Artist

Bossman

Genre: Rap ,Pop-Rap
Origin: U.S.A
Listen on Coda
Drawing from the vibrant club sounds pulsing through Baltimore, the city's own Bossman fuses the raw edge of underground hip-hop with a preference for pop-rap's broader appeal. Travis Davon Holifield entered the world on the northeast side of the Charm City. At age eleven, both parents received prison sentences for robbery, leaving him to spend his early teenage years under his grandmother's roof. There he formed a youthful duo reminiscent of Kris Kross, taking local stages and talent contests with direction from his uncle. Once high school arrived, he left that child-rap period behind, adopting the name Jimmy Hash and assembling the Northeast Kings, a hardcore collective of area heavyweights, early in 2000; the crew dissolved several years later.
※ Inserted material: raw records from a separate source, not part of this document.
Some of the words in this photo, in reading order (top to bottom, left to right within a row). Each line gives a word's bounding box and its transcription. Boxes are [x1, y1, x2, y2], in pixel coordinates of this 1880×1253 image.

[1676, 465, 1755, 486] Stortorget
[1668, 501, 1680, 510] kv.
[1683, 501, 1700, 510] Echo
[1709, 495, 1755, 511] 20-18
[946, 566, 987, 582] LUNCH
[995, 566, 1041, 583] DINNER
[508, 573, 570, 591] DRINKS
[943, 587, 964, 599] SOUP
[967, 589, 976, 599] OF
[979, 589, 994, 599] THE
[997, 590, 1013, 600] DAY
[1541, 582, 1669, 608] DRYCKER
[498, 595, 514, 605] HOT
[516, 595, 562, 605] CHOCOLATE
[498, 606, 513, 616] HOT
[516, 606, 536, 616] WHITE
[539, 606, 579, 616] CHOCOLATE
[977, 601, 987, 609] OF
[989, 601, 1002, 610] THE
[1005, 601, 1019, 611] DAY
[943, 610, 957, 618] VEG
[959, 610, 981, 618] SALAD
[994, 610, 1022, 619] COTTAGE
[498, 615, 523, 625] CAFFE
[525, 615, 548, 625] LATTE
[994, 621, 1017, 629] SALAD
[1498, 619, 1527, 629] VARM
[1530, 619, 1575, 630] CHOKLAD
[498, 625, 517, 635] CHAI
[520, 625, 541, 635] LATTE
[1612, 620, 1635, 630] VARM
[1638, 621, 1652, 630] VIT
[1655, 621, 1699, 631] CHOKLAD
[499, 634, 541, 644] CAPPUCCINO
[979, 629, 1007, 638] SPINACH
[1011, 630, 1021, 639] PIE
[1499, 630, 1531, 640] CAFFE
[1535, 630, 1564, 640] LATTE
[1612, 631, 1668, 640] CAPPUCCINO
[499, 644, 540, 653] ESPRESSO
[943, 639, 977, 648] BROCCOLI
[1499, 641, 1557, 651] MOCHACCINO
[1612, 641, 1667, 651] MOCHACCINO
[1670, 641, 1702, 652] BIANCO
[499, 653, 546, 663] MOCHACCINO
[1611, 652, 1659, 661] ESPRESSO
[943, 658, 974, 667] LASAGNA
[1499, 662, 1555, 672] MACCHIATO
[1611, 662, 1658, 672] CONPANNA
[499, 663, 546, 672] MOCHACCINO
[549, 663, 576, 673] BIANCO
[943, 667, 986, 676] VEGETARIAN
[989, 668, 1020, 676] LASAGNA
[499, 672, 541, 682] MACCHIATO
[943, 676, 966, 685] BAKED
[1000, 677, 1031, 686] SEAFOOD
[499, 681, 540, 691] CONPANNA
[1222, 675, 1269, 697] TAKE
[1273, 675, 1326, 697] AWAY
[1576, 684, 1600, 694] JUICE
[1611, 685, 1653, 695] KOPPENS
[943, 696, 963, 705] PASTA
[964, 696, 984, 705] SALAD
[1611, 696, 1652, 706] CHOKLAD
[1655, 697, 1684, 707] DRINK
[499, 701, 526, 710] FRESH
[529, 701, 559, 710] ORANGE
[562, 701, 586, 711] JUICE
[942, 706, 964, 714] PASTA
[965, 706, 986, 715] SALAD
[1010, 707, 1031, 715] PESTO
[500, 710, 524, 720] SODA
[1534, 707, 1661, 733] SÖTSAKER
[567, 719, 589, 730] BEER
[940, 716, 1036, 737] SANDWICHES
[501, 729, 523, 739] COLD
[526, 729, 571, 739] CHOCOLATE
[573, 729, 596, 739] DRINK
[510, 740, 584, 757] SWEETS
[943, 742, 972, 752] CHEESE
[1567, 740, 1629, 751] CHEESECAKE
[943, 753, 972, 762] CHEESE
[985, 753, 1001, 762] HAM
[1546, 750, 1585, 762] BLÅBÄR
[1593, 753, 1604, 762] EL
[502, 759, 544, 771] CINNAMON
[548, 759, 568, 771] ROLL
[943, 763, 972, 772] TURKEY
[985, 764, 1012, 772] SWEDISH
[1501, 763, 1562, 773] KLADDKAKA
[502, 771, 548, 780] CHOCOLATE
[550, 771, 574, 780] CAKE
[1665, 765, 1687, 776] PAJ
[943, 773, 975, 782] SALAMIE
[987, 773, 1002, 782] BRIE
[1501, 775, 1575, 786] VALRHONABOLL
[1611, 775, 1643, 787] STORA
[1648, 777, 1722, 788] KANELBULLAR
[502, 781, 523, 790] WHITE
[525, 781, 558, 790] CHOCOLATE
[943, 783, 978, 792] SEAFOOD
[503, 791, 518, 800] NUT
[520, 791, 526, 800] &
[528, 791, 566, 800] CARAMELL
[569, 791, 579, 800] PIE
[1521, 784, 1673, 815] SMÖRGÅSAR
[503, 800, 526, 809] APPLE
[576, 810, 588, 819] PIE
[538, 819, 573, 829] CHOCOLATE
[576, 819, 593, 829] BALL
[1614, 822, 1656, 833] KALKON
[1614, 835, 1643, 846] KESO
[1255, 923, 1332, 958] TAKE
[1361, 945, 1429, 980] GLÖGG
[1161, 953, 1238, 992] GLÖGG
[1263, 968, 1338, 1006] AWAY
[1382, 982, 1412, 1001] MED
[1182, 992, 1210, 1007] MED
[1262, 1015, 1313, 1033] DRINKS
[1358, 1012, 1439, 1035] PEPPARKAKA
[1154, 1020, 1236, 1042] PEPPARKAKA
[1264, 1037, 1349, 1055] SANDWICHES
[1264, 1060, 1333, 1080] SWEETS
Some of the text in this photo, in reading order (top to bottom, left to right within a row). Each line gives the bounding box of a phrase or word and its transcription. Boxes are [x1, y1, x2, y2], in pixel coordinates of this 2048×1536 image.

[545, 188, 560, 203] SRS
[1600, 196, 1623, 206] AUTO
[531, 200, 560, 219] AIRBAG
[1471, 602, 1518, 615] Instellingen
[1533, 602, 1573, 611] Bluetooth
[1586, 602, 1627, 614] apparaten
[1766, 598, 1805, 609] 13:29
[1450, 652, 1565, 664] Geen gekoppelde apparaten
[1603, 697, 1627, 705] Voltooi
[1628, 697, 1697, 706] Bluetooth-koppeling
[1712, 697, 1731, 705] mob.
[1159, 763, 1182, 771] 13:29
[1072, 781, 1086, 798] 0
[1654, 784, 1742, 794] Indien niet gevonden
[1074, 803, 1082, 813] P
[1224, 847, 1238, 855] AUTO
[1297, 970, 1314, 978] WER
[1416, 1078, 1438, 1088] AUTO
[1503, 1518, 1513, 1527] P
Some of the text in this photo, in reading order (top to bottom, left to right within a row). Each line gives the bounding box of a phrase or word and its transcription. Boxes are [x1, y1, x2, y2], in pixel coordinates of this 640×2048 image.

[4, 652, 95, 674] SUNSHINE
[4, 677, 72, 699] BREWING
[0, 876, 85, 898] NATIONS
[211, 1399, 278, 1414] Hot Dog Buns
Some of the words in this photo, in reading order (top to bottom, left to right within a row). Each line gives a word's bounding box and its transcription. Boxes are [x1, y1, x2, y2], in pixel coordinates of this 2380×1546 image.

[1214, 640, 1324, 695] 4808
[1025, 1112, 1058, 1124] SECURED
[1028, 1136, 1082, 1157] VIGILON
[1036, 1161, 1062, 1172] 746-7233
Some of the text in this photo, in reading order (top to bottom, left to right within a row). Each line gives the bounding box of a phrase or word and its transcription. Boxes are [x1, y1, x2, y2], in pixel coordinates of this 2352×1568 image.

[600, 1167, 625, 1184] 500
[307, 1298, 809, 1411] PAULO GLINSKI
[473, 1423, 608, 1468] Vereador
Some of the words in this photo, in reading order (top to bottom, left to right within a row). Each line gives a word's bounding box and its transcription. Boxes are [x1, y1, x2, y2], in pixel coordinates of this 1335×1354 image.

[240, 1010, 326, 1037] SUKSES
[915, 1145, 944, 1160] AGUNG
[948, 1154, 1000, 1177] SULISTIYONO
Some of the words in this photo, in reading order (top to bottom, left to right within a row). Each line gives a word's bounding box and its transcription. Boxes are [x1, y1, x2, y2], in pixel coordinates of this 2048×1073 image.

Reemerging as Bossman, the Baltimore MC plunged into the city's mixtape circuit, scoring radio favorites such as "Off da Record" and the Baltimore club anthem "Oh!," the latter crafted by local club mainstay Rod Lee. He issued his debut full-length, Law and Order, independently in late 2004, moving ten thousand copies within weeks through his own grassroots promotion. The effort drew offers from Columbia, Universal, and Interscope, yet he declined them all to ink a deal with Virgin Records via Atlanta hitmaker Jermaine Dupri, then heading the label's urban division. Bossman aimed to bring Law and Order to the imprint with an entirely fresh set of recordings, but the project faced repeated postponements.